Inspector Queen said furiously, “Maybe you, mother, maybe you. Just tell that story of yours to a jury.”

When they had taken the old lady out, Ellery nudged Henry Witter, whose mouth was open. “You still here? Don't you know there's a lady waiting for you in the hall?”

“Claire.” Henry hauled himself out of the chair.

“Oh, and you might remember,” Ellery said severely, “—I'm thinking of your little girl, Mr. Witter—that miracles do happen.”

Henry shook himself like a dog coming out of a mud hole. “You bet, Mr. Queen,” he said. “Thanks for reminding me.”

Q.B.I.: QUEEN'S BUREAU OF INVESTIGATION

Gambling Dept.: The Lonely Bride

Certain things should come together: for example, one shoe and another or one love bird and another. So when Ellery observed on the fourth finger of his beautiful young petitioner's left hand a circlet of entwined golden roses which had not yet lost the bright dew of the jeweler's garden, he grasped at once the missing complement: a groom, probably young and almost certainly a fool or a rascal. Only folly or worse explained a newlywed husband who left such a bloom untended.

Her name was Shelley, she confessed in the Queen apartment, she was a New Yorker from Evanston, a model by profession, and the fellow having seen her laminated in four colors on a magazine cover had pursued her with such wolfish purpose that she found herself one day in the City Clerk's office being made Mrs. Jimmy Browne. For their honeymoon they had cruised the world, madly rich in love, and lesser goods, too, for young Mr. Browne seemed bottomlessly supplied with the vulgar commodity by which lovers satisfy their appetites for giving, and he was insatiable. On their return to New York three days before, he had set her up in a princely furnished suite at L'Aiglon Towers, excused himself “for a few hours on a little business matter,” kissed her passionately, and she had not seen or heard from him since. It then occurred to Mrs. James Browne, a little tardily, that she knew nothing whatsoever about her dark, tall, handsome spouse.

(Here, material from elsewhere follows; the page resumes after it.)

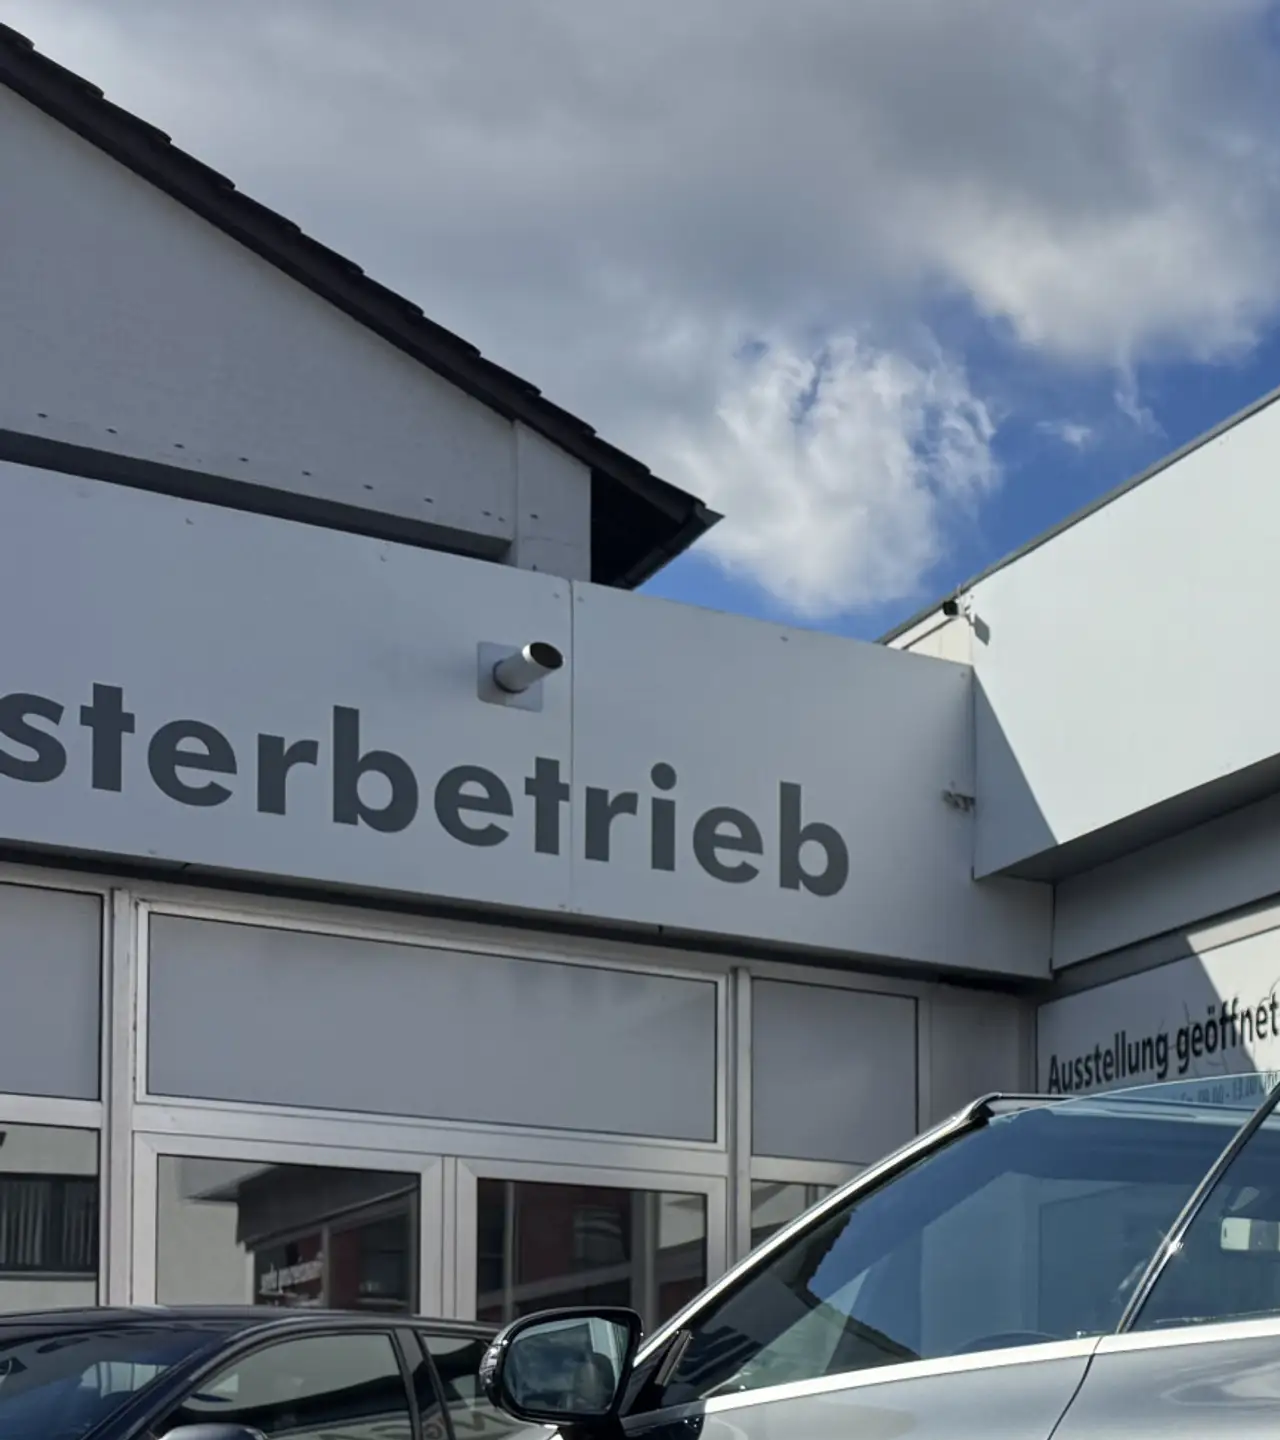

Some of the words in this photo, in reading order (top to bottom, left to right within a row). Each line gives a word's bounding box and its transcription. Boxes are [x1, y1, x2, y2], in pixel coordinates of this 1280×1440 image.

[0, 683, 850, 897] sterbetrieb
[1047, 1030, 1170, 1096] Ausstellung
[1175, 991, 1280, 1075] geöffnet

Accordingly, she had hunted through his things and found in his bureau drawer, rolled up in a pair of cashmere hose, two specimens of United States folding money bearing the rare portrait of Salmon P. Chase—apparently Mr. Browne's golden umbrellas against a rainy day. Mrs. Browne's $20,000 question was: Who, why, and where was her husband?

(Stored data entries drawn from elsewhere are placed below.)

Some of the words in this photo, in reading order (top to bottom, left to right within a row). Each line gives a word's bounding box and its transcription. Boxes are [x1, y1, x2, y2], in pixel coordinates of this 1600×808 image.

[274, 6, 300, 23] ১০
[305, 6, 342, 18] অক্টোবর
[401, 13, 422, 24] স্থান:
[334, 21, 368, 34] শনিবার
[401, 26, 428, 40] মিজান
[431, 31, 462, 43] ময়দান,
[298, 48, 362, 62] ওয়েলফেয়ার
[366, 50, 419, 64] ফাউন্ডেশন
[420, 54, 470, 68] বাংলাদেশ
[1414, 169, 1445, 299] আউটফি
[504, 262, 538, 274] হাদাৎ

Ellery gloomily excused himself and went into his study to telephone one or two ruffians of his acquaintance. On his return he said sadly: “As I suspected. Mrs. Browne, your husband is a professional gambler known to the fraternity as The Boy Wonder. The two ten-thousand-dollar bills are undoubtedly his emergency poke—he shot the rest of his roll on your courtship and honeymoon—and he has been closeted since Tuesday in a hotel room off Times Square frantically trying to replenish the exchequer at the expense of a gent known as Big T. I'm afraid love has forced Jimmy to go out of his class. Big T is large-time and he played poker when Jimmy was playing tag.”

At this point Ellery made a mental note to find out more about Evanston; because all that Shelley said was, “Then I'd better get back. Jimmy will be needing that twenty thousand and he won't find it in his socks because I hid it in the apartment in a safer place. Thanks, Mr. Queen. I'll take care of this myself.”

And she would have done so, Ellery felt sure, had not a coal-truck driver ruled otherwise. As Ellery handed Shelley Browne into a taxi the truck careened to avoid a pedestrian and crashed into the cab. The truck driver blubbered, the cab driver raged, and the cover girl lay in a broken heap on the taxi floor. The ambulance doctor said it was concussion and possible internal injuries; he looked grim. Ellery felt a sudden gripe of responsibility; he knew Big T. So he stooped over her and he said, distinctly, “I'll follow through, Shelley. Just tell me where you hid Jimmy's nest egg.” Shelley whispered back, “In a book,” and then her
crème de violette
eyes turned over and the ambulance took her away.

Later that day Jimmy Browne stumbled from his wife's room at Floral Hospital into Ellery's embrace.

“They won't know for hours, Queen.” He was haggard, blackly boyish. “She's still unconscious.”

“And it's 3:07,” mused Ellery. Jimmy had dropped twenty-seven Gs to Big T, he had had with him only seven Gs in cash, and Big T had politely requested the balance by 6
P
.
M
. “We'd better start looking for those two ten-thousand-dollar bills.”

“Queen, she's going to die.”

“Not necessarily, but you're a sure thing. Big T lives by the code, and you know the subparagraph on welshers. Come on.”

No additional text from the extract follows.